Petitioner is a federal prisoner currently incarcerated at the United States Penitentiary at Atwater, California (USP Atwater). He filed the instant habeas action challenging two prison disciplinary proceedings. As discussed below, the Court will recommend that Respondent's motion to dismiss for lack of jurisdiction and failure to exhaust be DENIED and the petition be DENIED with prejudice on the merits.

I. PROCEDURAL HISTORY

On January 7, 2019, Petitioner filed a federal petition challenging two prison disciplinary proceedings conducted on August 3, 2016 and December 31, 2017. (Doc. 1 at 4, 6.) Because it appeared that the Court lacked jurisdiction and that Petitioner had failed to exhaust his administrative remedies, the Court ordered the petition be dismissed with leave to file a First Amended Petition. (Doc. 4.) On February 4, 2019, Petitioner filed a pleading he titled "First Amended Petition"; however, the pleading was not a complete petition. (Doc. 10.) The pleading was instead an attempt to amend the original petition by addressing the deficiencies noted by the Court. The Court issued an order construing the filing as a motion to amend the petition and granted the motion. (Doc. 11.) In addition, in light of Petitioner's averments in that motion, the Court vacated the order dismissing the petition and directed Respondent to file a responsive pleading to the petition. (Id.) Respondent filed a response and motion to dismiss on June 12, 2019. (Doc. 16.)

II. FACTUAL BACKGROUND

A. Incident Report #2866057

On June 26, 2016, Petitioner received an incident report for violating Prohibited Act 208 for destroying or possession of any unauthorized locking device, and Prohibited Act 307 for refusing to obey an order of any staff member. (Doc. 16-1 at 74-75.) On August 3, 2016, Petitioner was found guilty of these acts in a prison disciplinary hearing. (Doc. 16-1 at 83-85.) Petitioner was sanctioned with loss of phone and commissary privileges for ninety days each and a monetary fine of $30.00. (Doc. 16-1 at 84.) Petitioner contends that his due process rights were violated when the hearing officer denied him the staff representative of his choosing, and when the officer refused to allow his staff representative the opportunity to review camera footage. (Doc. 1 at 3-4.) Petitioner challenged the outcome by appealing to the Western Regional Office. (Doc. 16-1 at 51.) The Western Regional Office in turn directed the hearing officer to reconsider the appeal and further stated that if Petitioner wished to further appeal the action, he would need to submit the appeal to the appropriate level. (Doc. 16-1 at 52.) The institution rejected Petitioner's administrative remedy request for the following reasons: 1) the filer submitted the request to the wrong level; and 2) the DHO matters are not handled at the local level. (Doc. 16-1 at 59.) Subsequently, the Western Regional Office rejected the appeal, reasoning that it concurred with the rationale of the regional office and/or institution for rejection. (Doc. 16-1 at 57.) The Central Office Level rejected Petitioner's appeal for the following reasons: 1) the filer did not submit a complete set (4 carbonized sheets) of the appeal; 2) the filer did not submit a proper number of continuation pages with the Central Office Level appeal; and 3) the DHO updated the hearing information for the incident 2866057 and noted that Petitioner should ask the unit team for a copy and then resubmit at the regional level. (Doc. 16-1 at 54.) Petitioner claimed his documents started getting erased and his case was being intentionally mishandled. (Doc. 1 at 4.)

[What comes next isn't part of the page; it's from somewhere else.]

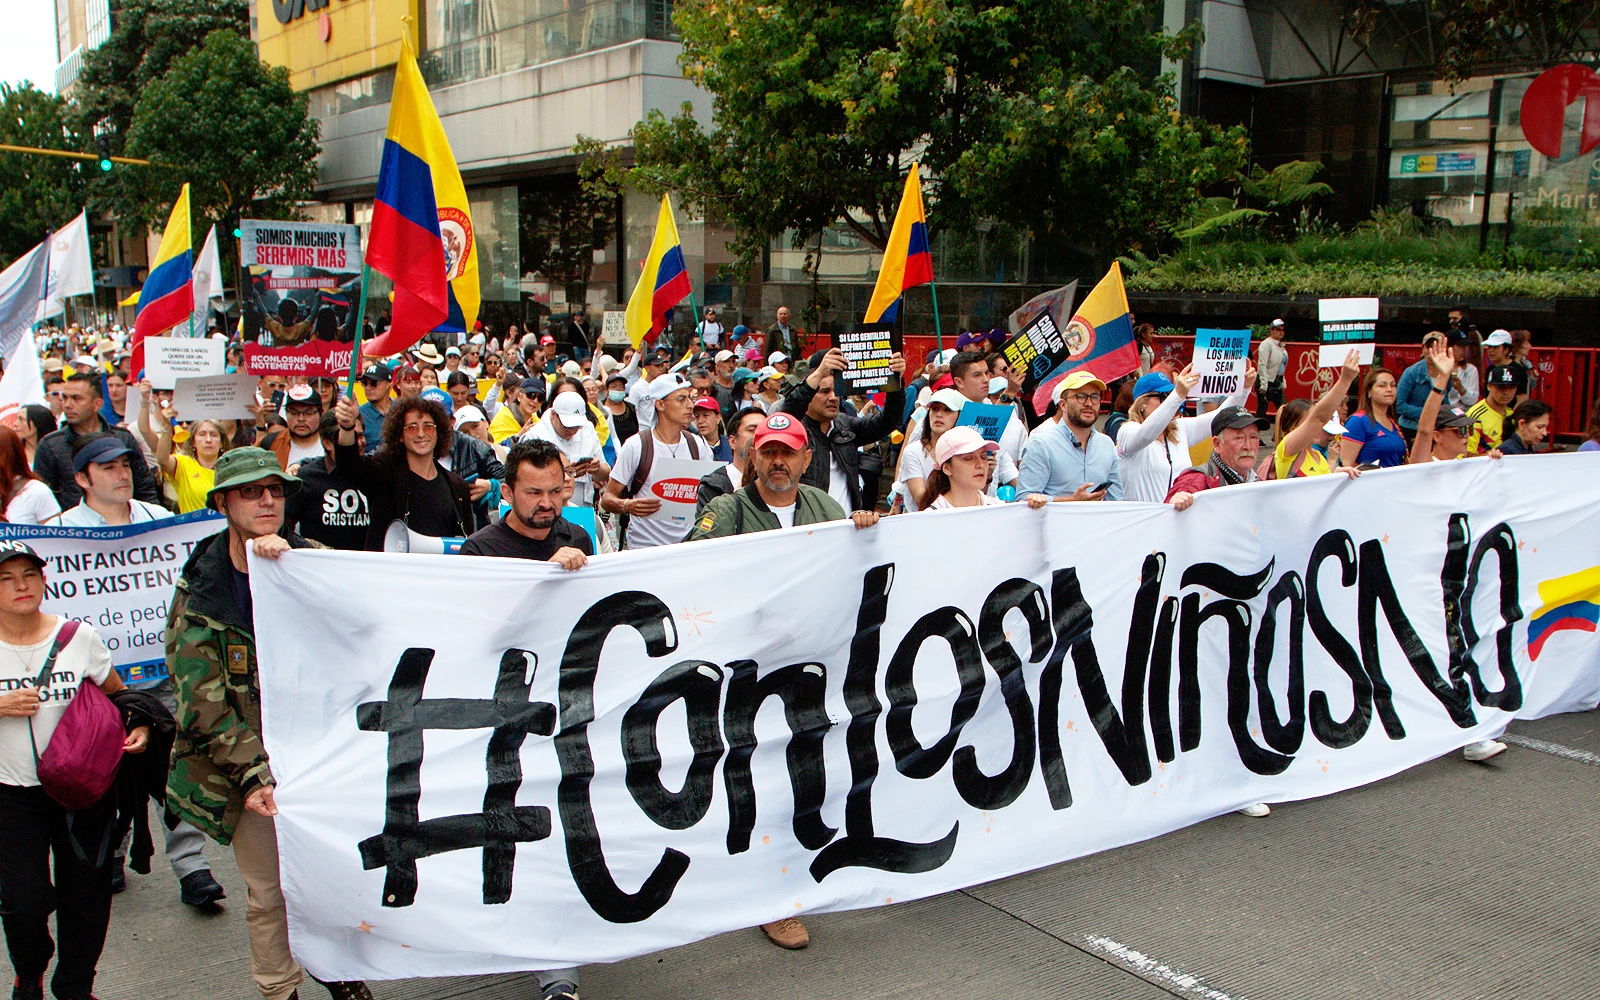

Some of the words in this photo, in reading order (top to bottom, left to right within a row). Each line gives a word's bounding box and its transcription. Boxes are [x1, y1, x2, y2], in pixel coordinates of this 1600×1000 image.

B. Incident Report #3054651

In a separate incident, on November 9, 2017, during the noon meal Petitioner noticed a foreign substance inside his food which he described as "snot" or "spit." (Doc. 1 at 4, Doc. 16-1 at 98.) He contacted an officer to notify the unit lieutenant and report the incident. (Doc. 1 at 4.) While waiting for the officer's attention, Petitioner overheard other inmates also complaining about foreign materials in their meal trays. (Id.) Eventually the lieutenant made his rounds but he ignored the complaints. (Doc. 1 at 4-5.) Petitioner then allegedly began to fast to avoid contaminated food and to draw attention to the meal problems. (Doc. 1 at 5.)

On November 16, 2017, Petitioner received an incident report for violating Prohibited Act 212 for engaging in or encouraging a group demonstration. (Doc. 16-1 at 98-100.) On December 31, 2017, the hearing officer conducted a prison disciplinary hearing on the alleged violation and found Petitioner guilty. (Doc. 16-1 at 106-108.) He was sanctioned with loss of phone, commissary and visitation privileges for thirty days each and a monetary fine of $25.00. (Doc. 16-1 at 108.) Petitioner appealed and alleged that the DHO did not provide the requisite procedural and substantive due process to demonstrate Petitioner committed the prohibited act of engaging in a group demonstration. (Doc. 16-1 at 66.). On April 6, 2018, the Regional Office delivered a thorough response in which it concluded that Petitioner's allegations were investigated and deemed without merit. (Doc. 16-1 at 67-68.) On October 26, 2018, the Central Office investigated incident 3054651 and determined that the determination of the DHO was reasonable and supported by the evidence, that Petitioner's due process rights were upheld during the discipline process, and the sanctions imposed were commensurate to the severity level of the offense committed and in compliance with policy. (Doc. 16-1 at 62.)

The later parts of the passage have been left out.